Sunday 17 June 2018

Hereditary (USA 2018: Dir Ari Aster)

Horror films SHOULD NOT BE TWO HOURS LONG. There, it's out there. Bit shouty but you get the point. Hereditary is actually over two hours long, and this is a drawback, as it is impossible to sustain the tension generated by the first half of a movie if said movie runs for 127 minutes. Mind you, if it had generated the tension of the first hour right the way through, it would be advisable for cinemas showing the film to revive those marketing wheezes of the 1960s by having a crew from St John Ambulance on standby to deal with fainting members of the audience.

So, being Ari Aster's feature debut as director, I'll be generous and assume that any mild sagginess at the movie's mid point is all about him giving the audience a bit of a breather, before things ramp up again for Hereditary's climax. And, like a Masterchef judge who initially slags off a beautifully presented dish knowing that they're really going to give it maximum points, for the things that Aster puts on the screen and how his superb cast of actors deliver it, it's well deserving of praise.

I've long thought Toni Colette has a face for horror (as witnessed in 1999's The Sixth Sense and even occasionally in the 2015 comedy horror Krampus) and she is note perfect as Annie Graham, an artist who, when we first meet her, is dealing with the death of her mother, a person she wasn't particularly close to, while being tolerantly supported by husband Steve (Gabriel Byrne). She's annoyed that her daughter Charlie (a miraculous debut performance from 15 year old Milly Shapiro) seemed to be her late mum's favourite, and this guilt, with a mix of feelings generated via bereavement, leads her to believe that her mother's presence remains in the house. Normally this would be sufficient content alone for a movie, but these events are just a jumping off point for the rest of the show (although the spoiler free policy of this site forbids me explaining much more).

Aster is rather guilty of throwing everything genre into the mix - seances, discovered books, a spooky attic - but there are so many great flourishes that this can be forgiven even if the sheer weight of parlour tricks slightly dilutes the impact of the movie's climax. And there's a refreshing lack of jump scares accompanied by thundering music. In fact the soundtrack by Colin Stetson is a haunted house theme ride all of its own, all shudders, clicks, whirrs and silences. Quite brilliant.

But I haven't mentioned Toni Collette for a while. Now 46, the actor's face is impossible to take your gaze away from.
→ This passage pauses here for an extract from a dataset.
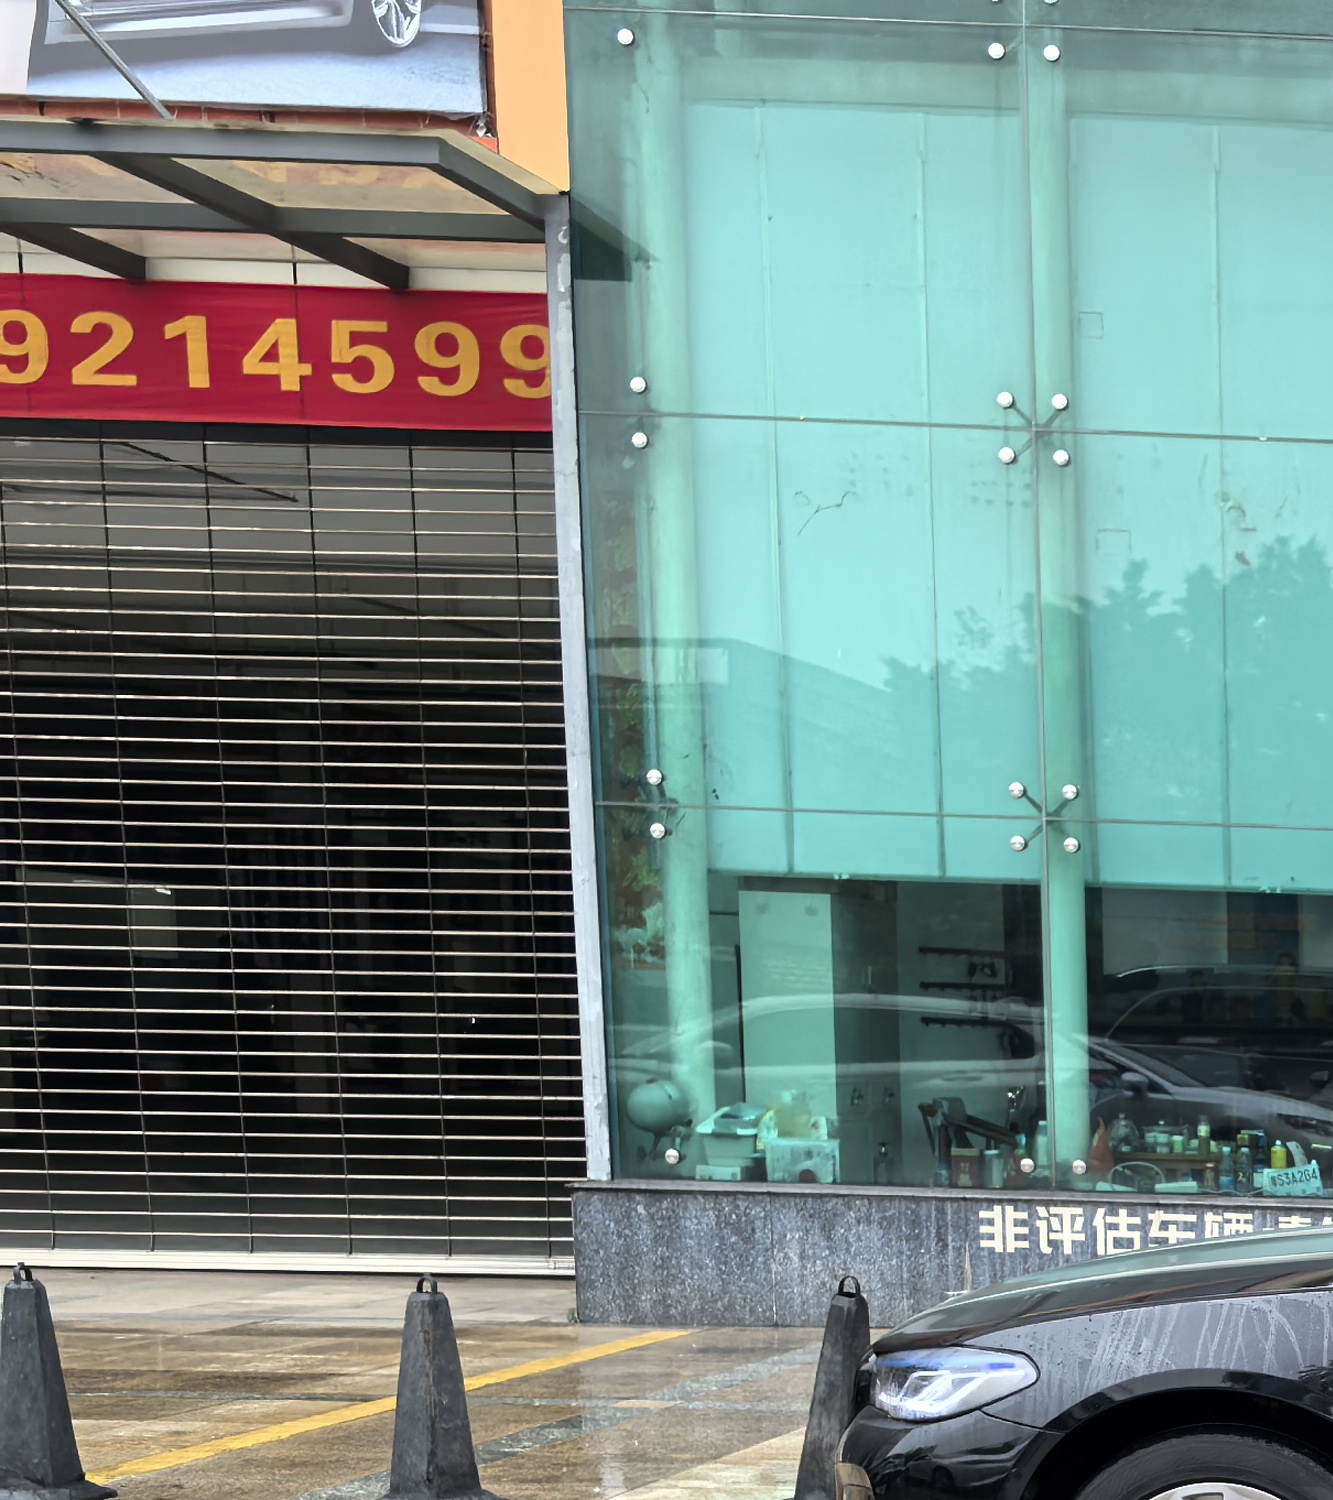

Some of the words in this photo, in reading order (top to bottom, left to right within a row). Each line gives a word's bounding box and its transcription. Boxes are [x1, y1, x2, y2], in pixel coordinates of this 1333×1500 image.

[0, 309, 552, 399] 9214599
[978, 1204, 1333, 1256] 非评估车辆
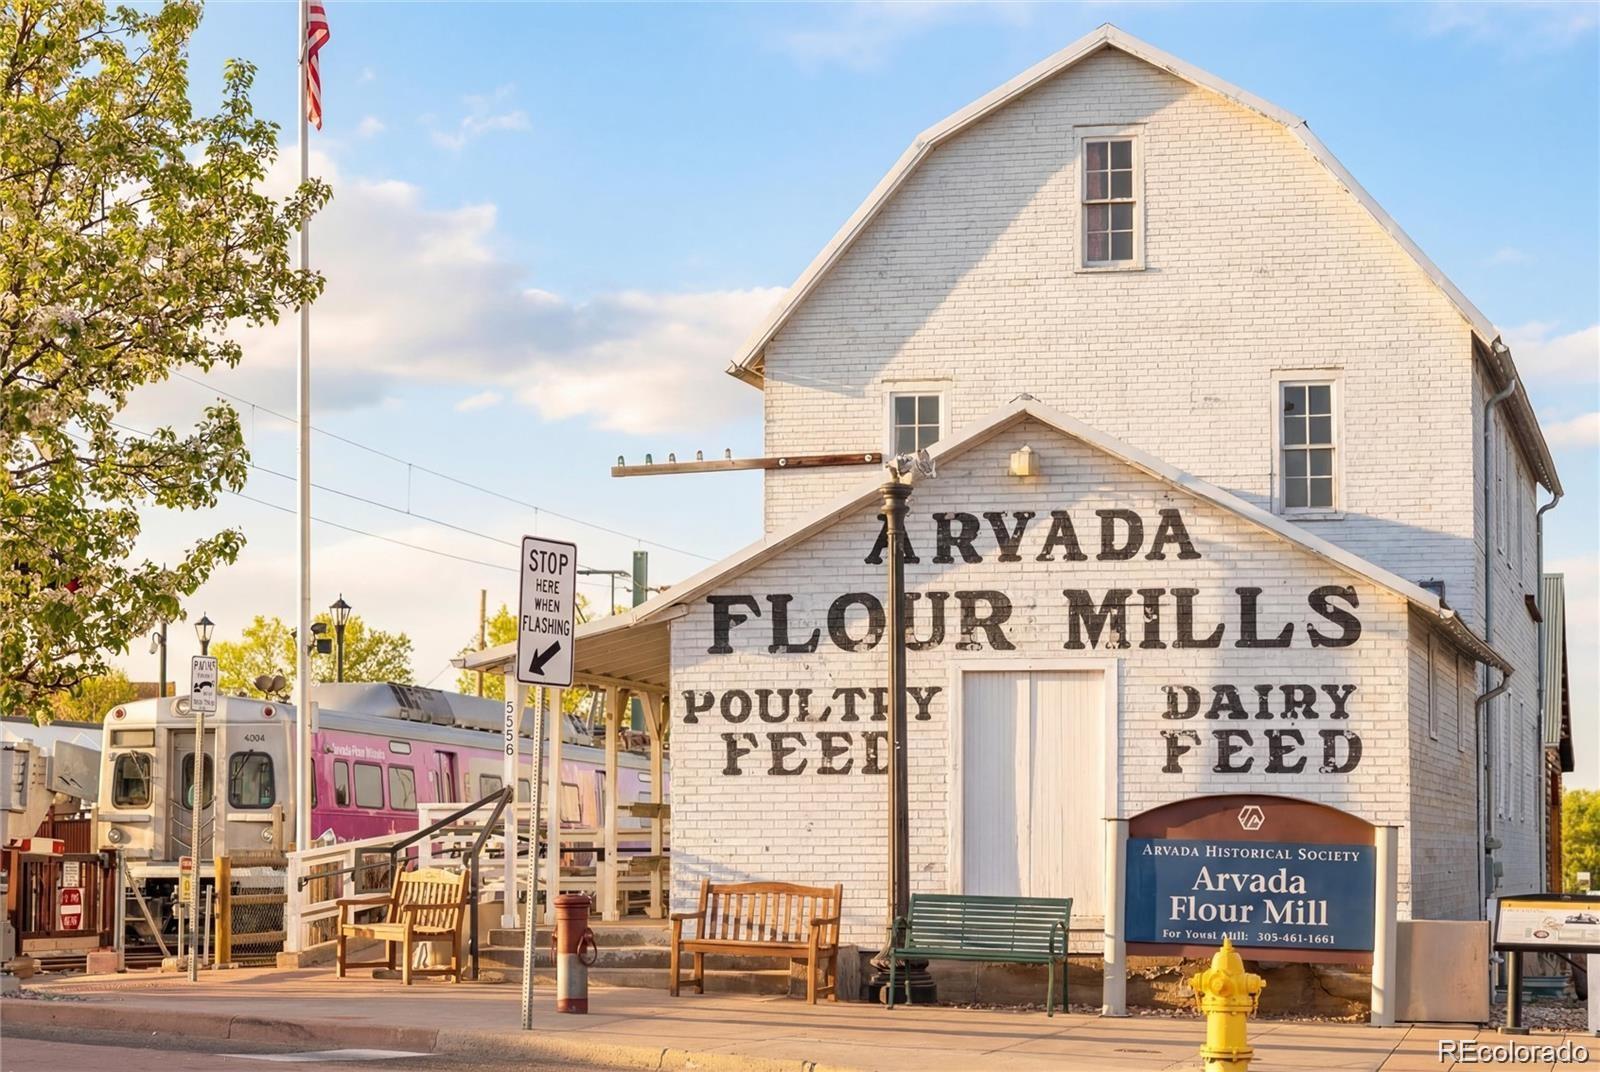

And that's because Aster spends a lot of time sticking it in your face with the audience watching her respond to the awfulness around her - a trick pulled off to the same effect in the recent mother! This is to some extent Annie's movie, as nearly all the events unfold via her experience or detection, and it's only right at the end that the action opens out - it's a shift in tone which again almost threatens to unseat the movie which has, up to this point, been a succession of things only partly glimpsed. Praise also for Milly Shapiro's performance - old beyond her years, her passive face nevertheless communicating a whole film's worth of fears and anxieties. Also excellent is Alex Wolff, playing Annie and Steve's son Peter. Wolff is also currently in Marc Meyers' My Friend Dahmer - which I confess to not having liked very much - but nothing prepared me for his searing performance in this movie. One scene in particular, if you see the film, will definitely haunt you for days.

Hereditary is a fright flick that has impressed me the more I think about it. Yes it has its flaws, but more often than not it hits the spot, and as a debut feature Aster should be congratulated for doing new things with some very old tools.